In April, the Federal Trade Commission, which enforces the federal
law that governs debt collection practices, reported that it
received 66,627 complaints against third-party debt collectors last
year — more than against any other industry, and nearly six times
the number in 1999.
The agencies often buy the debt from more established companies for
pennies on the dollar and seek to collect even if the debt has been
paid or was never valid to begin with. Sometimes, consumers pay up
simply because they are worn down by threats from the companies and
fear damage to their credit rating.
One New York City victim, Judith Guillet, complained and filed a
police report in 2003 after receiving a Chase credit card bill for
$2,300, including five charges from Amoco gasoline stations in the
Bronx. She has never owned a car or had a driver's license.
The bank agreed that the charges were not valid, but the debt case
hung on because the bank turned it over to a collection agency. Last
November, that agency obtained a court order allowing it to freeze
Ms. Guillet's bank account even though it could not demonstrate that
the debt was valid.
"I felt helpless," said Ms.

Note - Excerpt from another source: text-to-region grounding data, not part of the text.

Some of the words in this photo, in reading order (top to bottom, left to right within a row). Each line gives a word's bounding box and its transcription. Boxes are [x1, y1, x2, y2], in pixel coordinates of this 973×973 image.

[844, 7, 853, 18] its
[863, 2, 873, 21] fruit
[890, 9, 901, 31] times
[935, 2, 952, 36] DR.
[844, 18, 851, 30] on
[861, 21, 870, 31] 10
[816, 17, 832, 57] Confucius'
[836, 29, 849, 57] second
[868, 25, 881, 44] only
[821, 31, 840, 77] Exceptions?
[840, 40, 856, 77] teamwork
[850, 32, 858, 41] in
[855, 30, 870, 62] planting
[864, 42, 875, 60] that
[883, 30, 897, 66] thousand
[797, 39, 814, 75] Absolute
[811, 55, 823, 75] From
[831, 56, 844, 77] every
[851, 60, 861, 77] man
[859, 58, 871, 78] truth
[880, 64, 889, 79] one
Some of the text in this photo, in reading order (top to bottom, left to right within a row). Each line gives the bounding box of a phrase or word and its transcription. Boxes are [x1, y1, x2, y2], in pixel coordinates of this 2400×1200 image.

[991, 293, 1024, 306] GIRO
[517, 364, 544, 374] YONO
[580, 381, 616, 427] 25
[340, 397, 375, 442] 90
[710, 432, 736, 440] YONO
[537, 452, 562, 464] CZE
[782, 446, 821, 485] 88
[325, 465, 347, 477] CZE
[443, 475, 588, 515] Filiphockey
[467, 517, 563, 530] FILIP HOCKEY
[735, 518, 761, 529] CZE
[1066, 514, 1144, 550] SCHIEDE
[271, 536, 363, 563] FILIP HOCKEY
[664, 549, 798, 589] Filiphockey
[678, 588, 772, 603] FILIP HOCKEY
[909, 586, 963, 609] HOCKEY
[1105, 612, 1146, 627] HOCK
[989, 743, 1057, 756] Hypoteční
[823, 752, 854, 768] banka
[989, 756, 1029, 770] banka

Guillet, 57, a nurse who is retired on
full disability. "I couldn't pay my rent, buy food or pay my
electricity bills."
Officials in New York City, which has some of the most stringent
consumer protection laws in the country, said the number of local
complaints about debt collectors more than doubled in three years —
to 900 in the 2006 fiscal year, which ended on Friday, from 774 in
2005, 509 in 2004 and 422 in 2003.
The city's Department of Consumer Affairs recently subpoenaed
records from eight companies with the most complaints and is
considering whether to propose tougher regulations. And last month,
New York's attorney general, Eliot Spitzer, sued a national debt
collection company, accusing it of trying in thousands of cases to
collect on debts that could not be verified.
The Federal Trade Commission enforces the Fair Debt Collection
Practices Act, the 1977 law that prohibits abusive, deceptive and
unfair tactics by collection agencies. Last July, the commission won
$10.2 million — its biggest judgment for illegal collection
practices — in a case against National Check Control of Secaucus,
N.J. The company, now out of business, overstated the amounts
consumers owed and threatened them with arrest and prosecution.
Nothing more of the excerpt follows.